Il diktat di Maroni: «La riforma del Tfr deve passare così com’è»

Il ministro del Welfare: «Questo testo dimostra che Berlusconi non è condizionato dal conflitto d’interessi»

da Roma

Roberto Maroni rilancia la riforma del Tfr, che si è arenata all’ultimo Consiglio di ministri ed è stata rispedita alle Camere. «O passa così com’è, oppure non passa», attacca il ministro del Welfare, aggiungendo che il premier Berlusconi ha l’occasione di dimostrare di non essere condizionato dal conflitto d’interesse. «E questo testo va contro i suoi interessi di azionista di una grande compagnia assicurativa», spiega Maroni.

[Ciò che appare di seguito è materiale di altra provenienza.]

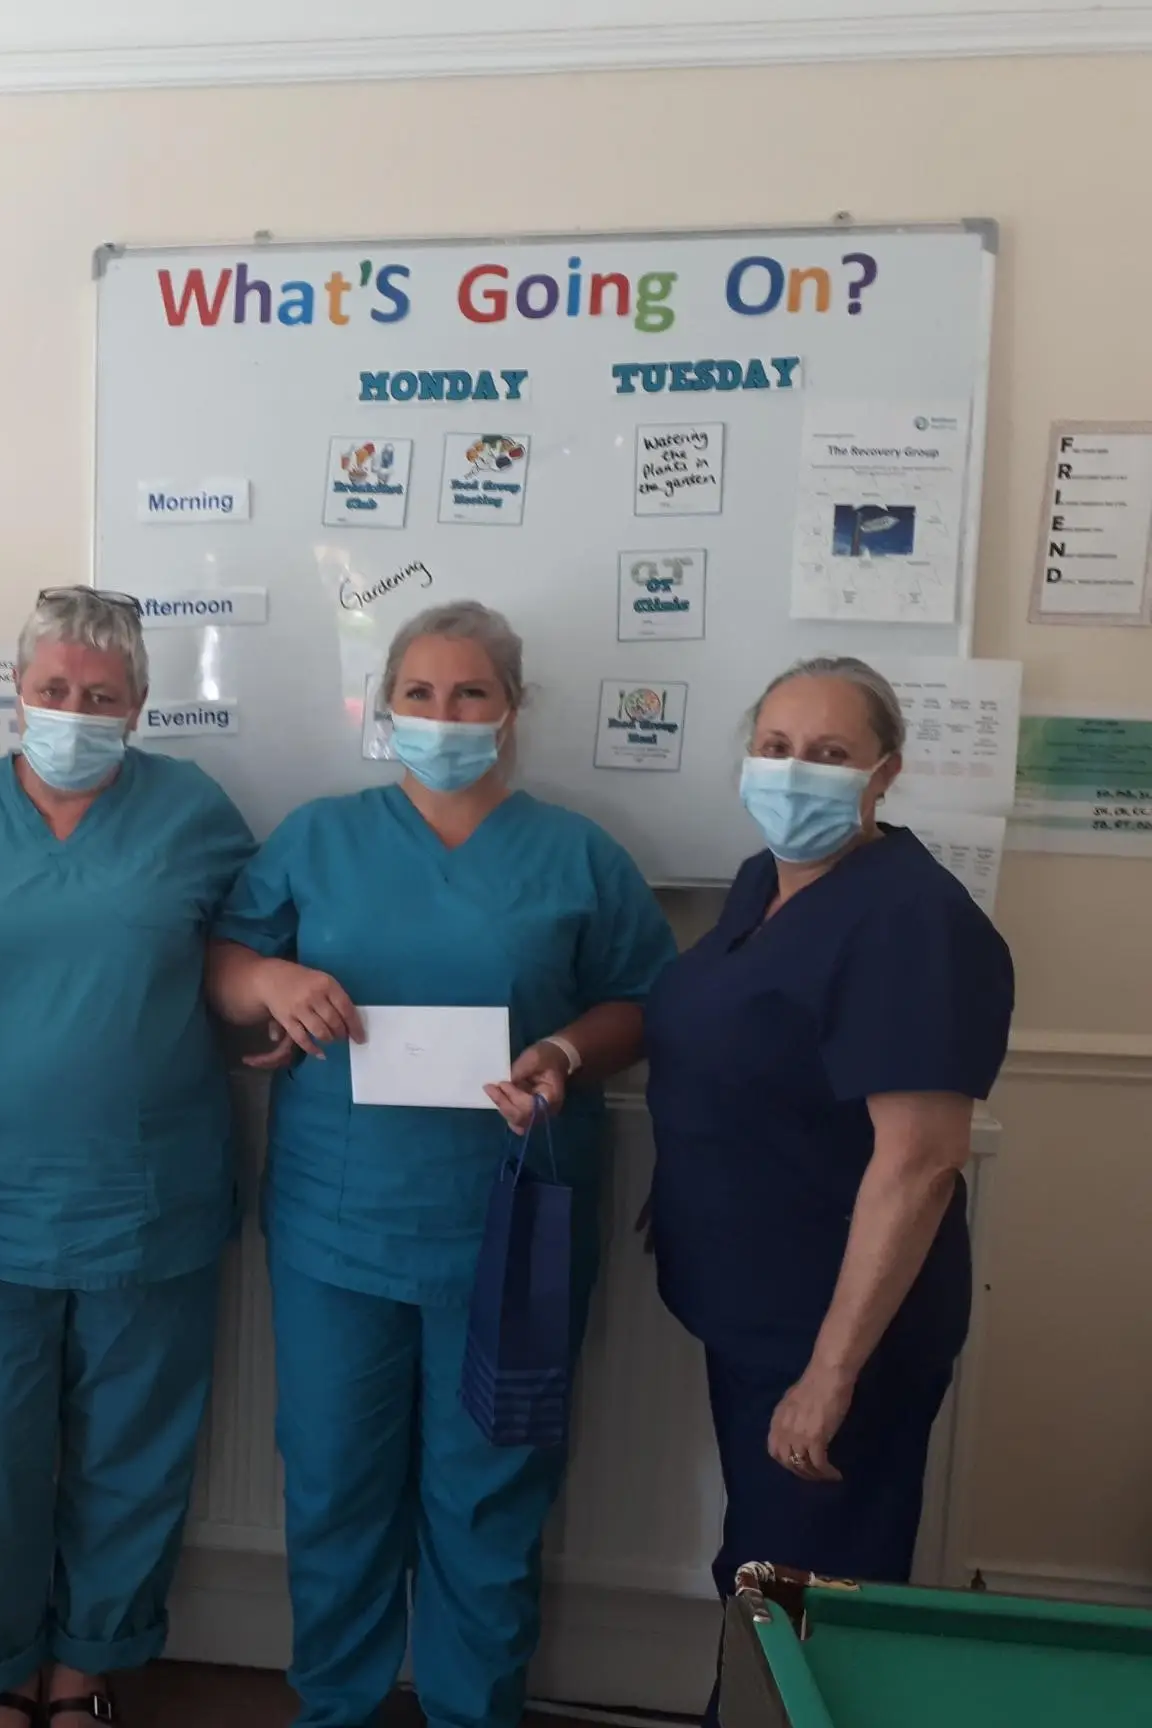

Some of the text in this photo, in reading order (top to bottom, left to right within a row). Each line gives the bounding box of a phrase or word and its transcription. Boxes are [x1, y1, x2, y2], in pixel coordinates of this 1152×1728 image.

[158, 252, 878, 332] What'S Going On?
[359, 369, 528, 401] MONDAY
[612, 356, 799, 394] TUESDAY
[828, 445, 940, 459] The Recovery Group
[148, 491, 234, 513] Morning
[340, 559, 433, 611] Gardening
[147, 708, 229, 728] Evening

Il ministro accusa la lobby delle assicurazioni - che verrebbe di fatto esclusa dalla grande torta da 13 miliardi di euro rappresentata dal flusso annuale del Tfr da destinare alla previdenza complementare - d’aver silurato la riforma grazie all’appoggio di alcuni colleghi di governo. «Nell’ultimo Consiglio dei ministri - afferma - ci sono stati interventi dettati da interessi diversi. La prossima riunione di governo sarà molto vivace: sul provvedimento non tira aria buona, ma io - dice ancora Maroni - ci proverò sino alla fine. E comunque, approvata o bocciata la riforma, il mio compito come ministro del Welfare è esaurito».

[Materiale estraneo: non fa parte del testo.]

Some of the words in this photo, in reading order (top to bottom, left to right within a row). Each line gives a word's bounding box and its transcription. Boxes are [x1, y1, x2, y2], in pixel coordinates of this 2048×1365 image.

Maroni racconta anche qualche particolare del Consiglio dei ministri in cui la proposta il decreto delegato sul Tfr è stato affossato, parla di ministri che non erano mai intervenuti in materia e che improvvisamente chiedono spiegazioni tecniche e adducono «argomenti strampalati». «È come se io - aggiunge Maroni - parlassi di scissione dell’atomo al convegno dei fisici ad Erice». Alla discussione non hanno partecipato né Berlusconi (uscito dalla sala per evitare, appunto, problemi di conflitto d’interesse, essendo azionista della Mediolanum) né il ministro dell’Economia Giulio Tremonti.
Ma è soltanto la lobby della assicurazioni, come sostiene Maroni, ad avere bloccato il provvedimento? In parte sì, visto che il versamento del Tfr in un fondo previdenziale aperto, non gestito da imprese e sindacati, è assai poco conveniente. Altre perplessità - quelle espresse da An, per esempio - riguardano l’accesso delle piccole imprese al fondo per il credito. «Resto convinto - spiega Gianni Alemanno - che il testo possa essere migliorato alla luce di una attenta valutazione del protocollo Abi». «I timori di Maroni saranno fugati», aggiunge Mario Landolfi, che nega che siano entrate in azione pressioni lobbistiche contro il provvedimento. «Allora ho capito male», ironizza il ministro del Welfare. «Sulle lobby Maroni scopre l’acqua calda, il problema non è che ci siano ma governarle con una politica forte», dice il ministro della Funzione pubblica, Mario Baccini, anch’egli presente al convegno della Fondazione Donat Cattin. «Per quanto mi riguarda - aggiunge - voglio verificare bene il ruolo delle compagnie di assicurazioni nella riforma. Se qualcuno soffre questo problema si faccia un esame di coscienza».
Oltre ai problemi sollevati dalle imprese assicuratrici, c’è un’altra valutazione di fondo che può aver inciso nella decisione di rinvio: i fondi chiusi (aziendali o di categoria), cogestiti dal sindacato, rischiano di diventare protagonisti assoluti del mercato finanziario italiano con decisioni d’investimento assai rilevanti. Ecco perché Cgil, Cisl e Uil insistono che nulla sia toccato all’interno del provvedimento. «Per noi - dice il segretario cislino Savino Pezzotta - la riforma è questa, e la nostra preoccupazione è che il rinvio possa affossare qualcosa che è indispensabile ai lavoratori. È una riforma essenziale». «Maroni deve sapere - aggiunge il segretario confederale della Cgil Morena Piccinini - che la nostra asticella delle richieste non si abbassa a mano a mano che c’è un nuovo fronte aperto. O il ministro riesce a far rispettare quanto ha concordato con 23 parti sociali - aggiunge - oppure diventa corresponsabile del fallimento dell’operazione».